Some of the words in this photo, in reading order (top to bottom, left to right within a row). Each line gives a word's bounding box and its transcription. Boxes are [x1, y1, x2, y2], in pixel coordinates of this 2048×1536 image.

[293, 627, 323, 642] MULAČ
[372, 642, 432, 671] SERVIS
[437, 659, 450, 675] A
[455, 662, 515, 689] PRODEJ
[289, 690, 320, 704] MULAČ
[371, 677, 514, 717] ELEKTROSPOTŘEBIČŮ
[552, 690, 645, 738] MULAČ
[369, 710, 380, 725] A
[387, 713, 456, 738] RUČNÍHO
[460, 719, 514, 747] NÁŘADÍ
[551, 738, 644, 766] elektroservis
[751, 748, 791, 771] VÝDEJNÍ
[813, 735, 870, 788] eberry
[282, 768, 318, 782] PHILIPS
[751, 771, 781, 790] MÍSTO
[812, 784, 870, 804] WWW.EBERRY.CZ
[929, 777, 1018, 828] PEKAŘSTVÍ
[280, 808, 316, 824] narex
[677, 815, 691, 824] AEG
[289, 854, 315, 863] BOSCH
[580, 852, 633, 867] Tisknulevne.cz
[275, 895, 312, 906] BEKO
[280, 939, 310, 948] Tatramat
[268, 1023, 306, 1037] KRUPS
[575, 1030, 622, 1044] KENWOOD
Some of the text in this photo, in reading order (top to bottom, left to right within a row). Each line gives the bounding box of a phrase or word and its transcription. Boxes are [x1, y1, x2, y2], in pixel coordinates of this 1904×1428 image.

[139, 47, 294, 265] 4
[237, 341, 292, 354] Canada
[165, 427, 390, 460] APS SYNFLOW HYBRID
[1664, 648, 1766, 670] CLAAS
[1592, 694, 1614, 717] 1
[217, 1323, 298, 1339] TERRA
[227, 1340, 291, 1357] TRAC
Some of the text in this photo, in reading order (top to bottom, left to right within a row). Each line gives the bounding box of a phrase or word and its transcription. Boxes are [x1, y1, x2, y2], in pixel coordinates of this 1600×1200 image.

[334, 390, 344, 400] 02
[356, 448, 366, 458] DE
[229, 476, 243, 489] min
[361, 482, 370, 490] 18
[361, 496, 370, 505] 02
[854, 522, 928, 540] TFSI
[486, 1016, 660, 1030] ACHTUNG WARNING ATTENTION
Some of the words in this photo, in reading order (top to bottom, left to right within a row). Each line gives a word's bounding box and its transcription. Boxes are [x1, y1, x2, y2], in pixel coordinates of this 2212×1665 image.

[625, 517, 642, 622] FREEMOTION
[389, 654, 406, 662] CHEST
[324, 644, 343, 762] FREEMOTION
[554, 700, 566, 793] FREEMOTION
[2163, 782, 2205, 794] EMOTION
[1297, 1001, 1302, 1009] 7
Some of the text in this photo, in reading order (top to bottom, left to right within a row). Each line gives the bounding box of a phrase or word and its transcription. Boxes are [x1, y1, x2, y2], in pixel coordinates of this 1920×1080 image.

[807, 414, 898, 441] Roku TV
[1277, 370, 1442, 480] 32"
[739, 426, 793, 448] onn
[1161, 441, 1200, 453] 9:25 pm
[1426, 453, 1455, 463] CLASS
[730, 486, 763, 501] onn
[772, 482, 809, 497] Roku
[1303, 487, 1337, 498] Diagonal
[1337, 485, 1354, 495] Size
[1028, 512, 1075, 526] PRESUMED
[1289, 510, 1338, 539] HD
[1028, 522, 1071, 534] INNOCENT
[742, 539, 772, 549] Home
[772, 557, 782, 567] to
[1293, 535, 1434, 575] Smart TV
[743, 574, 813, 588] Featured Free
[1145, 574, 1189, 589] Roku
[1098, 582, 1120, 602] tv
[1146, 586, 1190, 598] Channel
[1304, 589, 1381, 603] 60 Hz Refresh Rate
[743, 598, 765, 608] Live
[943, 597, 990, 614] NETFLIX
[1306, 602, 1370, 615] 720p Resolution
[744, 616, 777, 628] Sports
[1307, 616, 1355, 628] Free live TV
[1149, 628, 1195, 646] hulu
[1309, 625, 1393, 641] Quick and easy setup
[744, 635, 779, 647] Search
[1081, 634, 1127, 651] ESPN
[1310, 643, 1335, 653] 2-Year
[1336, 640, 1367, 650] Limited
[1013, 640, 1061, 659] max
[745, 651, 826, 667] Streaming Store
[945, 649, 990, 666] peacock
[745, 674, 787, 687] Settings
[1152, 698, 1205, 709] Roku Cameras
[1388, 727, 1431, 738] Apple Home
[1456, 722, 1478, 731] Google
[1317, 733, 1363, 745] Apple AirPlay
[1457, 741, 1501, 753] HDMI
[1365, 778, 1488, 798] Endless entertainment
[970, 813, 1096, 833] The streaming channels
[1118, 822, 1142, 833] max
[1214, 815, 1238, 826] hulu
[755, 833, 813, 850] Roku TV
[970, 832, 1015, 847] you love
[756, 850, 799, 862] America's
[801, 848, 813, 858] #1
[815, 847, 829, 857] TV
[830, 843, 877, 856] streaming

> _Try it_: Exactly as given, repeat each line above.

> _Output_:
Some of the words in this photo, in reading order (top to bottom, left to right within a row). Each line gives a word's bounding box and its transcription. Boxes are [x1, y1, x2, y2], in pixel coordinates of this 2048×1536 image.

[293, 627, 323, 642] MULAČ
[372, 642, 432, 671] SERVIS
[437, 659, 450, 675] A
[455, 662, 515, 689] PRODEJ
[289, 690, 320, 704] MULAČ
[371, 677, 514, 717] ELEKTROSPOTŘEBIČŮ
[552, 690, 645, 738] MULAČ
[369, 710, 380, 725] A
[387, 713, 456, 738] RUČNÍHO
[460, 719, 514, 747] NÁŘADÍ
[551, 738, 644, 766] elektroservis
[751, 748, 791, 771] VÝDEJNÍ
[813, 735, 870, 788] eberry
[282, 768, 318, 782] PHILIPS
[751, 771, 781, 790] MÍSTO
[812, 784, 870, 804] WWW.EBERRY.CZ
[929, 777, 1018, 828] PEKAŘSTVÍ
[280, 808, 316, 824] narex
[677, 815, 691, 824] AEG
[289, 854, 315, 863] BOSCH
[580, 852, 633, 867] Tisknulevne.cz
[275, 895, 312, 906] BEKO
[280, 939, 310, 948] Tatramat
[268, 1023, 306, 1037] KRUPS
[575, 1030, 622, 1044] KENWOOD
Some of the text in this photo, in reading order (top to bottom, left to right within a row). Each line gives the bounding box of a phrase or word and its transcription. Boxes are [x1, y1, x2, y2], in pixel coordinates of this 1904×1428 image.

[139, 47, 294, 265] 4
[237, 341, 292, 354] Canada
[165, 427, 390, 460] APS SYNFLOW HYBRID
[1664, 648, 1766, 670] CLAAS
[1592, 694, 1614, 717] 1
[217, 1323, 298, 1339] TERRA
[227, 1340, 291, 1357] TRAC
Some of the text in this photo, in reading order (top to bottom, left to right within a row). Each line gives the bounding box of a phrase or word and its transcription. Boxes are [x1, y1, x2, y2], in pixel coordinates of this 1600×1200 image.

[334, 390, 344, 400] 02
[356, 448, 366, 458] DE
[229, 476, 243, 489] min
[361, 482, 370, 490] 18
[361, 496, 370, 505] 02
[854, 522, 928, 540] TFSI
[486, 1016, 660, 1030] ACHTUNG WARNING ATTENTION
Some of the words in this photo, in reading order (top to bottom, left to right within a row). Each line gives a word's bounding box and its transcription. Boxes are [x1, y1, x2, y2], in pixel coordinates of this 2212×1665 image.

[625, 517, 642, 622] FREEMOTION
[389, 654, 406, 662] CHEST
[324, 644, 343, 762] FREEMOTION
[554, 700, 566, 793] FREEMOTION
[2163, 782, 2205, 794] EMOTION
[1297, 1001, 1302, 1009] 7
Some of the text in this photo, in reading order (top to bottom, left to right within a row). Each line gives the bounding box of a phrase or word and its transcription. Boxes are [x1, y1, x2, y2], in pixel coordinates of this 1920×1080 image.

[807, 414, 898, 441] Roku TV
[1277, 370, 1442, 480] 32"
[739, 426, 793, 448] onn
[1161, 441, 1200, 453] 9:25 pm
[1426, 453, 1455, 463] CLASS
[730, 486, 763, 501] onn
[772, 482, 809, 497] Roku
[1303, 487, 1337, 498] Diagonal
[1337, 485, 1354, 495] Size
[1028, 512, 1075, 526] PRESUMED
[1289, 510, 1338, 539] HD
[1028, 522, 1071, 534] INNOCENT
[742, 539, 772, 549] Home
[772, 557, 782, 567] to
[1293, 535, 1434, 575] Smart TV
[743, 574, 813, 588] Featured Free
[1145, 574, 1189, 589] Roku
[1098, 582, 1120, 602] tv
[1146, 586, 1190, 598] Channel
[1304, 589, 1381, 603] 60 Hz Refresh Rate
[743, 598, 765, 608] Live
[943, 597, 990, 614] NETFLIX
[1306, 602, 1370, 615] 720p Resolution
[744, 616, 777, 628] Sports
[1307, 616, 1355, 628] Free live TV
[1149, 628, 1195, 646] hulu
[1309, 625, 1393, 641] Quick and easy setup
[744, 635, 779, 647] Search
[1081, 634, 1127, 651] ESPN
[1310, 643, 1335, 653] 2-Year
[1336, 640, 1367, 650] Limited
[1013, 640, 1061, 659] max
[745, 651, 826, 667] Streaming Store
[945, 649, 990, 666] peacock
[745, 674, 787, 687] Settings
[1152, 698, 1205, 709] Roku Cameras
[1388, 727, 1431, 738] Apple Home
[1456, 722, 1478, 731] Google
[1317, 733, 1363, 745] Apple AirPlay
[1457, 741, 1501, 753] HDMI
[1365, 778, 1488, 798] Endless entertainment
[970, 813, 1096, 833] The streaming channels
[1118, 822, 1142, 833] max
[1214, 815, 1238, 826] hulu
[755, 833, 813, 850] Roku TV
[970, 832, 1015, 847] you love
[756, 850, 799, 862] America's
[801, 848, 813, 858] #1
[815, 847, 829, 857] TV
[830, 843, 877, 856] streaming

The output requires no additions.